**REQUIREMENT**.
Would you please set down the lines of the data from the one containing "Some of the words" to the final line, exactly and only those?

BEGIN DATA IN THIS EXERCISE

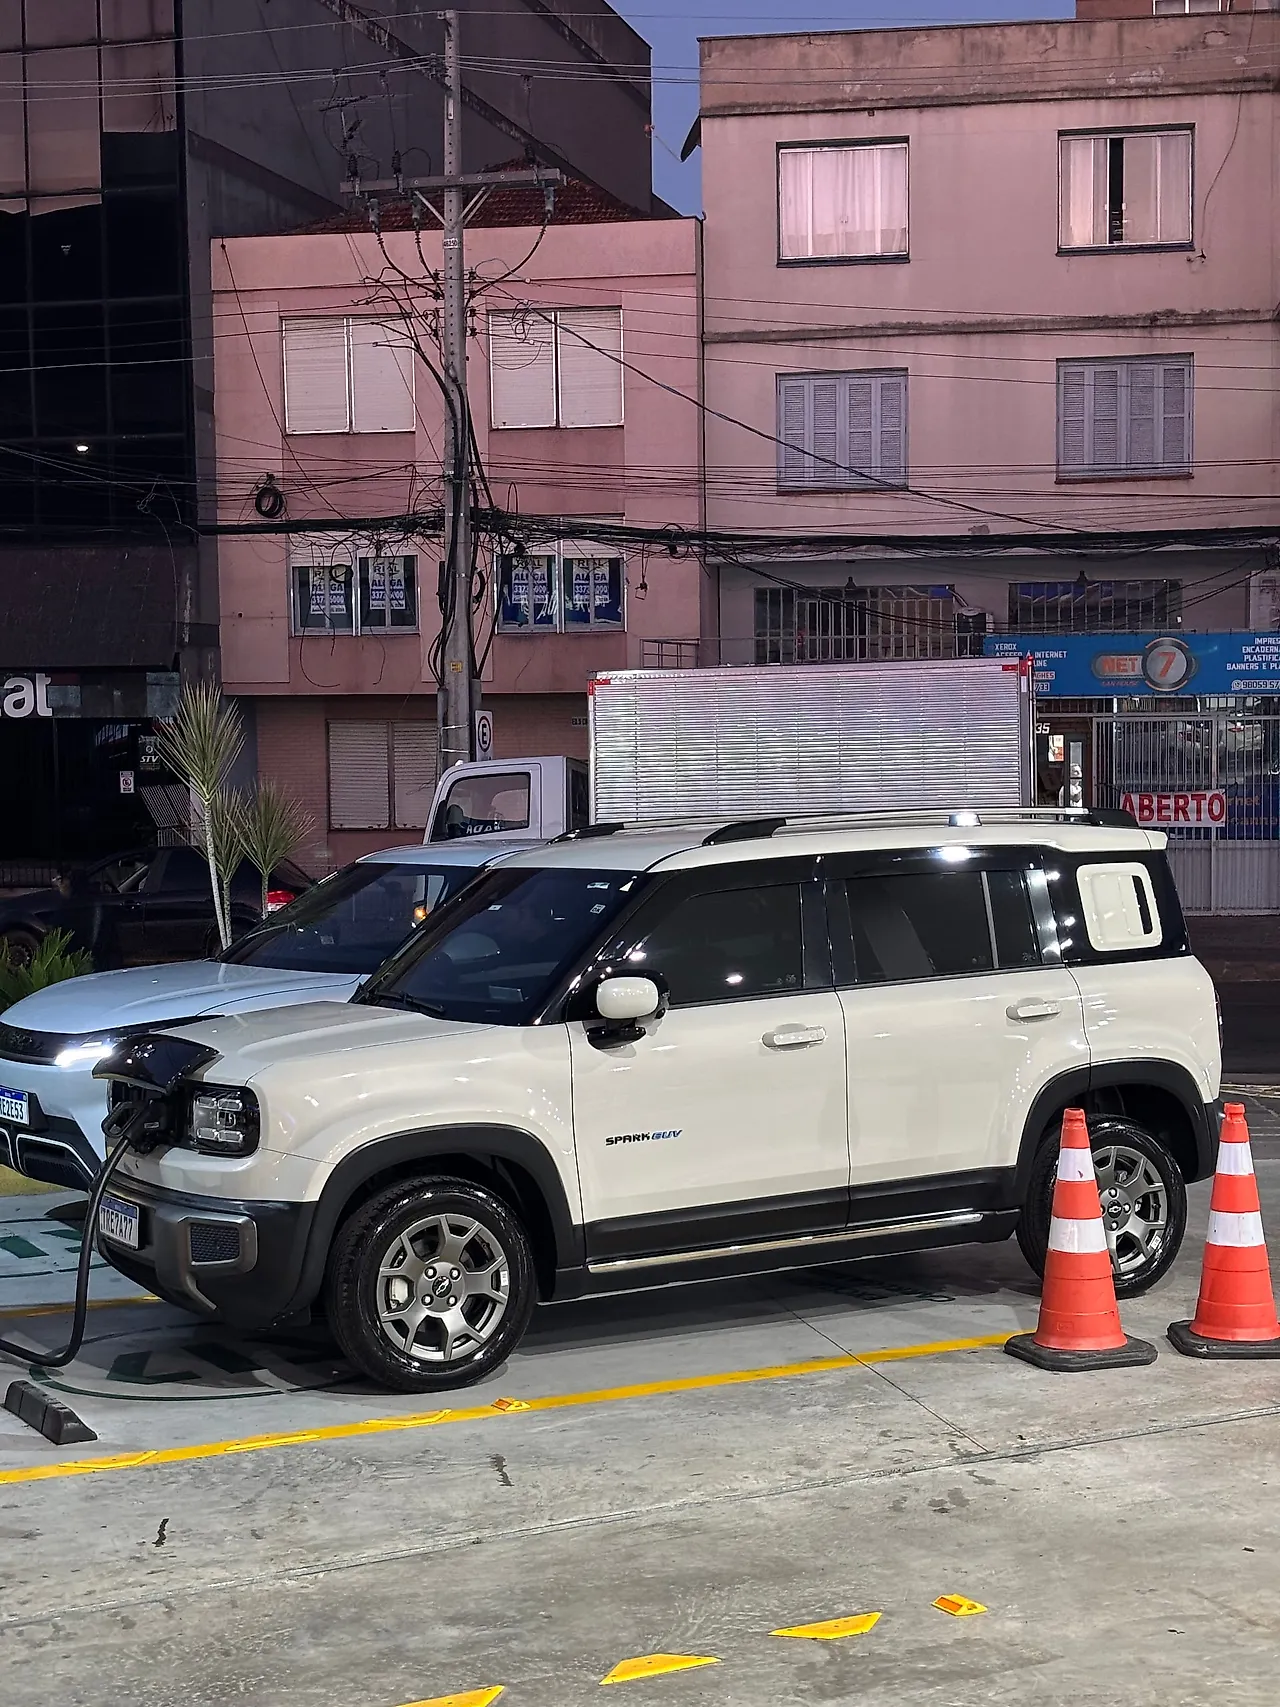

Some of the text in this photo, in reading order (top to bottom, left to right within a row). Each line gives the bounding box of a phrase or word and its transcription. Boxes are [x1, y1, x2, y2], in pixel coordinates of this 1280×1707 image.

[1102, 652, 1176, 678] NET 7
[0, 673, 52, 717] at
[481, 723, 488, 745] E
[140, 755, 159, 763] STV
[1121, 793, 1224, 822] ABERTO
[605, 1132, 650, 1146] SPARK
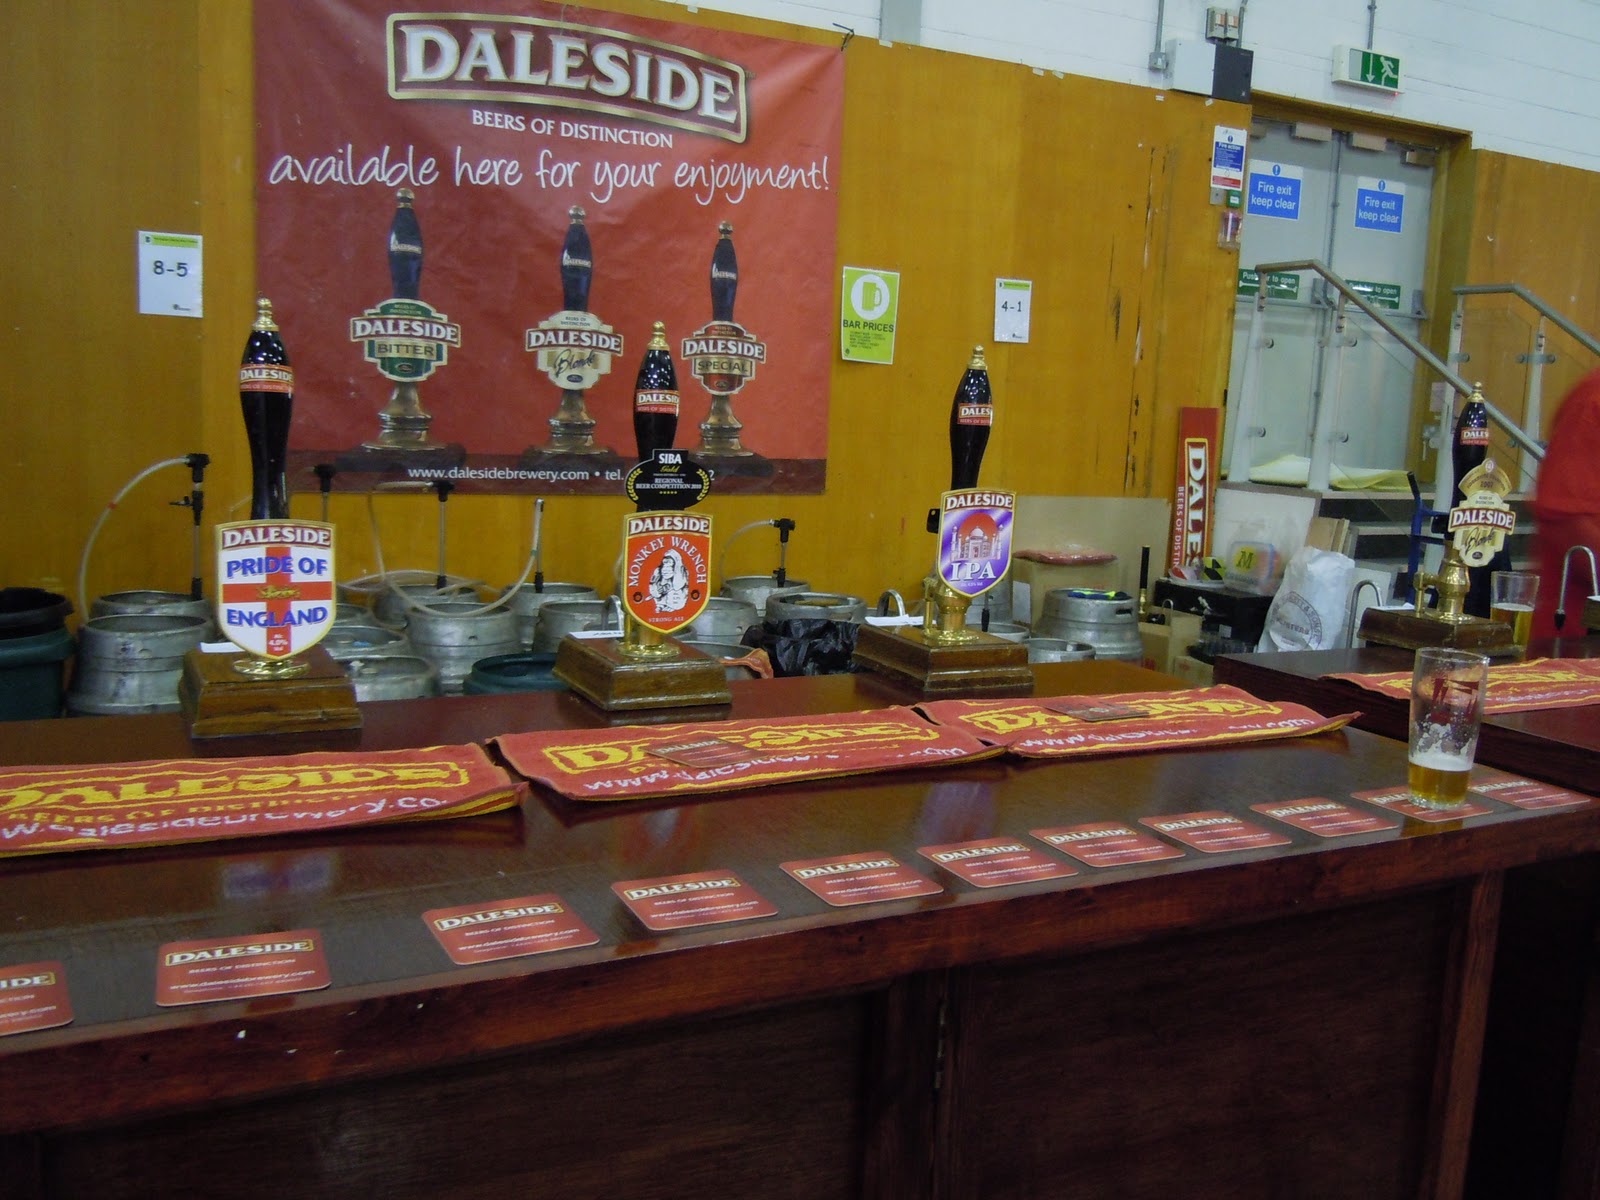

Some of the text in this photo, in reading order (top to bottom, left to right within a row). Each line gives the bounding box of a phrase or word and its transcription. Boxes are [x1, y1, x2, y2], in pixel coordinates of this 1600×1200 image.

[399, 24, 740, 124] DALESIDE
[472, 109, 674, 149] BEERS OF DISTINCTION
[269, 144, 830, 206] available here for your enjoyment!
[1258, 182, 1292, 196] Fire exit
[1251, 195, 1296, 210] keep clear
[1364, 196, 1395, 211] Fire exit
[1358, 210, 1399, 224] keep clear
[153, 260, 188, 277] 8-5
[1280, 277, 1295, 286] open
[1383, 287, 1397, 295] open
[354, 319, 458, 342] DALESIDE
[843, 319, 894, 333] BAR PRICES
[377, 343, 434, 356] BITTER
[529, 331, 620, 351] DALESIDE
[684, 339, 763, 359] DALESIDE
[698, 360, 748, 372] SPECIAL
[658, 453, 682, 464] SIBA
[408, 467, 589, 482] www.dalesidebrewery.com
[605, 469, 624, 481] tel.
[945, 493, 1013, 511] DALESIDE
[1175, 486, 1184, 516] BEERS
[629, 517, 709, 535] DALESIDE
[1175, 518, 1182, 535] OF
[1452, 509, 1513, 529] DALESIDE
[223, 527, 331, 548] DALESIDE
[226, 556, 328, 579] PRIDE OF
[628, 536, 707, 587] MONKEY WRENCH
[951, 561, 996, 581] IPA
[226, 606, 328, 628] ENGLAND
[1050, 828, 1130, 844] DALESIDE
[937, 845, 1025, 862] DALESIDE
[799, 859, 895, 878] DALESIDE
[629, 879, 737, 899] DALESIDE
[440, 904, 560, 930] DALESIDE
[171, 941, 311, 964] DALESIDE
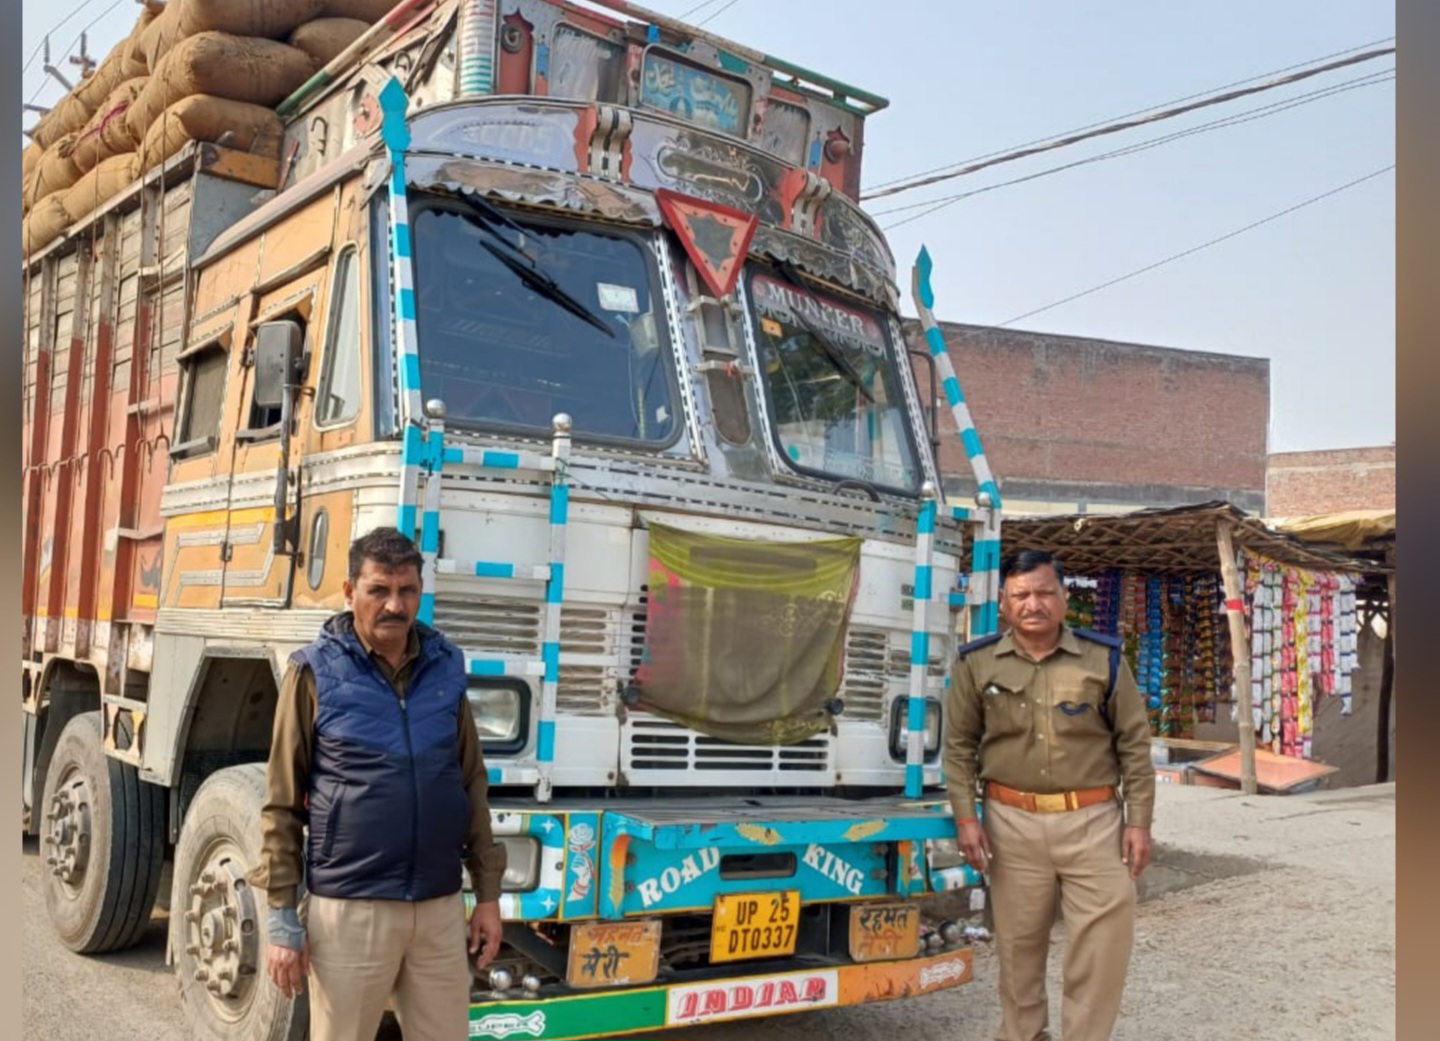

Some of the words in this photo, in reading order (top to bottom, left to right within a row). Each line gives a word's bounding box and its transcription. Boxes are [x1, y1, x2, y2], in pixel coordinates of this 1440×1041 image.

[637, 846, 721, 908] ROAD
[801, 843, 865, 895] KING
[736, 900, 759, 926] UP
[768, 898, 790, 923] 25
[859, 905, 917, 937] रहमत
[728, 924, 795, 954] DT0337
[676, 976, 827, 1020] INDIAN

END DATA IN THIS EXERCISE

**ANSWER SECTION**.
Some of the words in this photo, in reading order (top to bottom, left to right within a row). Each line gives a word's bounding box and its transcription. Boxes are [x1, y1, x2, y2], in pixel coordinates of this 1440×1041 image.

[637, 846, 721, 908] ROAD
[801, 843, 865, 895] KING
[736, 900, 759, 926] UP
[768, 898, 790, 923] 25
[859, 905, 917, 937] रहमत
[728, 924, 795, 954] DT0337
[676, 976, 827, 1020] INDIAN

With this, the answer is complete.